The health of nations has improved at an unprecedented rate since the start of the 20th century, following a series of waves of mortality declines. While the timing and intensity of these waves have been documented, the factors influencing their emergence and diffusion are still debated. This article examines the creation and adoption of health-enhancing technologies since the early stages of the epidemiological transition around 1900. We estimate health frontiers, as originally done by Preston (1975), to infer how health-enhancing knowledge develops and diffuses across countries. Our results show that the creation of health-enhancing innovation has been strongly income biased since 1900. Up to 1920, upward shifts in the health frontiers happened almost exclusively at high levels of income. After that and until 2000, we find evidence that health frontiers moved up at low levels of income with a delay of about 20–40 years, relative to upward shifts at high income levels. We also show that education does not confound our findings because factors other than income are also associated with life expectancy increases.

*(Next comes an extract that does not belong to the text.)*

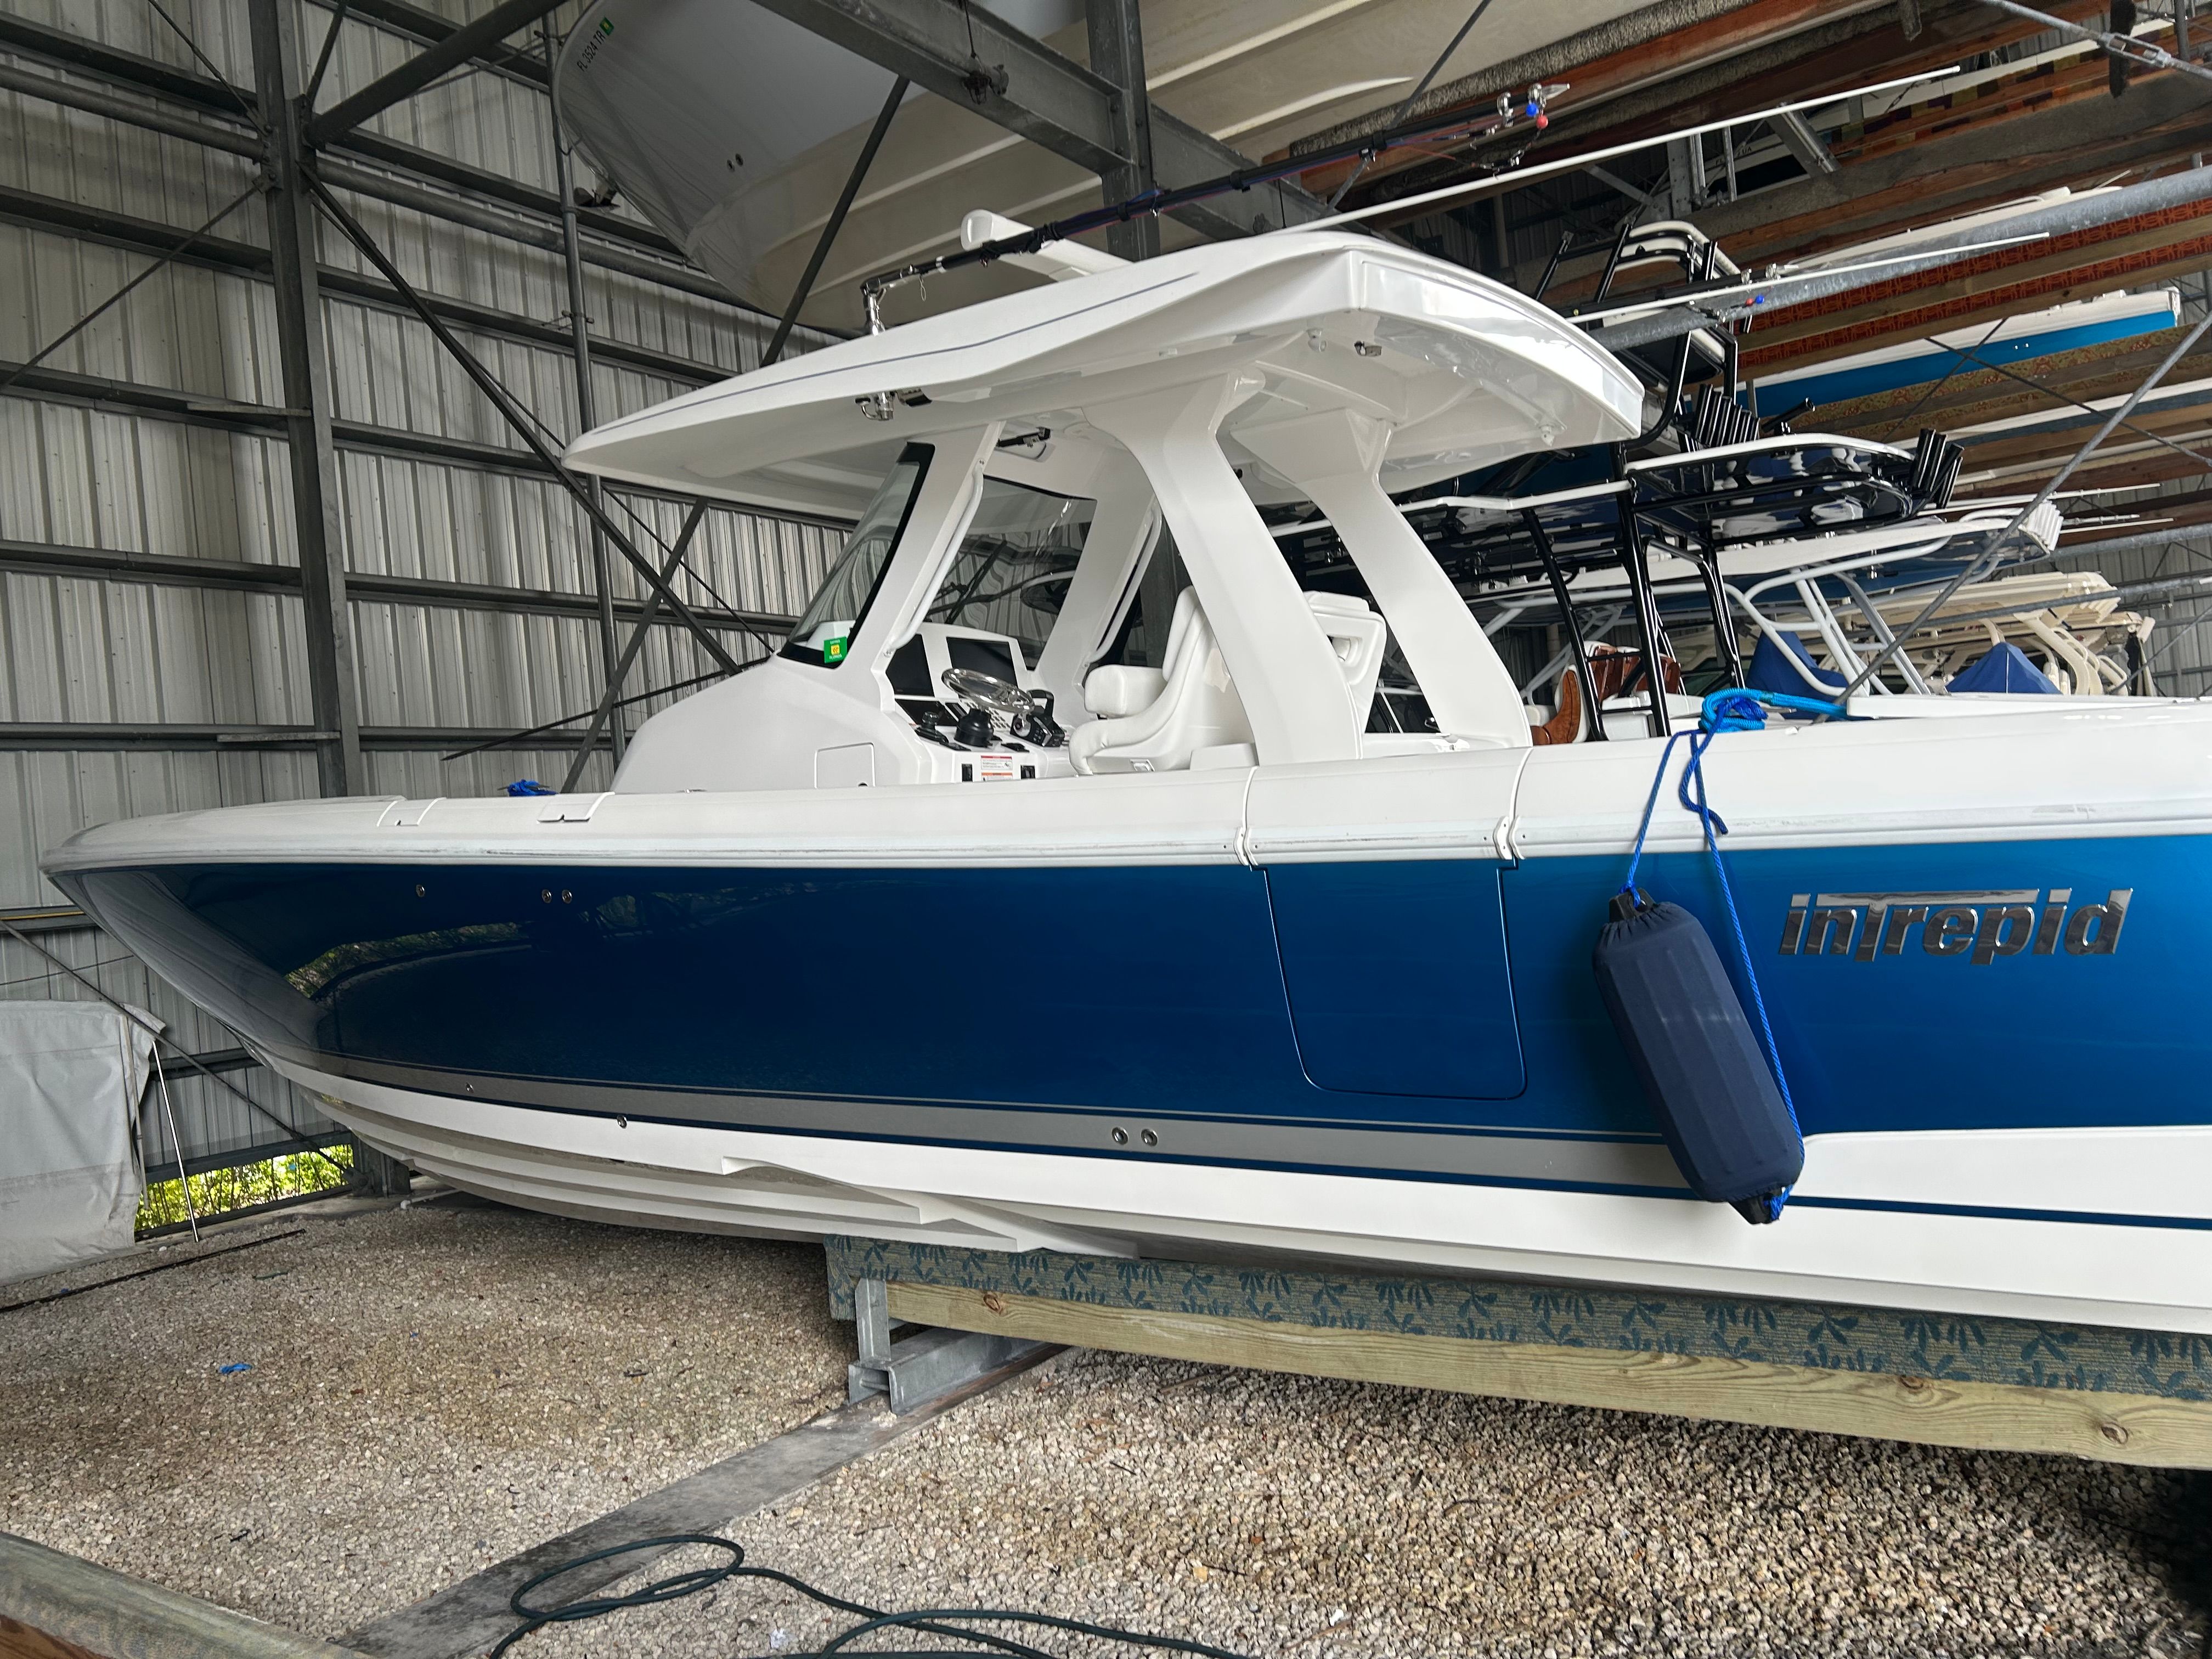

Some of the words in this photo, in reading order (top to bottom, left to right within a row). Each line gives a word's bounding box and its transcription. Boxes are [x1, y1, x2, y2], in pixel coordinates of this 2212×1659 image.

[593, 30, 606, 45] TR
[582, 41, 598, 63] 3524
[577, 60, 588, 72] FL

Finally, we perform a growth accounting exercise suggesting that Western Europe and its Offshoots have mostly reached high health levels by pushing up the knowledge frontier, while the experience of the rest of the world is much more varied.

Suggested Citation

  • Gallardo-Albarrán, Daniel & Jochemsen, Jurre, 2026. "The international diffusion of medical innovation since 1900: Revisiting the Preston curve," Economics & Human Biology, Elsevier, vol. 61(C).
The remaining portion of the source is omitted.